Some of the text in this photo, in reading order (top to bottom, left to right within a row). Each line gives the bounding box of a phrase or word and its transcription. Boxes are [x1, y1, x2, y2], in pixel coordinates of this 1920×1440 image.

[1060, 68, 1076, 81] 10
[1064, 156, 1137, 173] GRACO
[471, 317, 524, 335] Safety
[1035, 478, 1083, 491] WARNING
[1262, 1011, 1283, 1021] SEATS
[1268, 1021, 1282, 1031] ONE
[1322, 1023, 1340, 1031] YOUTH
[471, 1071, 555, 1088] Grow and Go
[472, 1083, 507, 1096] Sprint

---------------

_Work request:_
Output each line of the material exactly, keeping every word as it appears.

_Reply:_
Some of the text in this photo, in reading order (top to bottom, left to right within a row). Each line gives the bounding box of a phrase or word and its transcription. Boxes are [x1, y1, x2, y2], in pixel coordinates of this 1920×1440 image.

[1060, 68, 1076, 81] 10
[1064, 156, 1137, 173] GRACO
[471, 317, 524, 335] Safety
[1035, 478, 1083, 491] WARNING
[1262, 1011, 1283, 1021] SEATS
[1268, 1021, 1282, 1031] ONE
[1322, 1023, 1340, 1031] YOUTH
[471, 1071, 555, 1088] Grow and Go
[472, 1083, 507, 1096] Sprint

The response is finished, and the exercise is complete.